What you should do:
Please reproduce all of the entries exactly, without omitting any.

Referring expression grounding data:
+--
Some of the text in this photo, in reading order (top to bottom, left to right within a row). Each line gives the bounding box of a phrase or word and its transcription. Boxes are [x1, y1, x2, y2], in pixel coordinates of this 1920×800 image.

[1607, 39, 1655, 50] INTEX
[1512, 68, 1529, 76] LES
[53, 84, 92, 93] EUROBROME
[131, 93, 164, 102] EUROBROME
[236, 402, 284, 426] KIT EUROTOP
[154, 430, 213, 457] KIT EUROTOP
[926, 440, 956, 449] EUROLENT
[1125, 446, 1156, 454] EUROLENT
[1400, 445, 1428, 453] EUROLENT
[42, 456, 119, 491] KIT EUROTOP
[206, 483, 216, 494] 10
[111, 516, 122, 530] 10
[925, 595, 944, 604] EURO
+--
Result for this exercise:
Some of the text in this photo, in reading order (top to bottom, left to right within a row). Each line gives the bounding box of a phrase or word and its transcription. Boxes are [x1, y1, x2, y2], in pixel coordinates of this 1920×800 image.

[1607, 39, 1655, 50] INTEX
[1512, 68, 1529, 76] LES
[53, 84, 92, 93] EUROBROME
[131, 93, 164, 102] EUROBROME
[236, 402, 284, 426] KIT EUROTOP
[154, 430, 213, 457] KIT EUROTOP
[926, 440, 956, 449] EUROLENT
[1125, 446, 1156, 454] EUROLENT
[1400, 445, 1428, 453] EUROLENT
[42, 456, 119, 491] KIT EUROTOP
[206, 483, 216, 494] 10
[111, 516, 122, 530] 10
[925, 595, 944, 604] EURO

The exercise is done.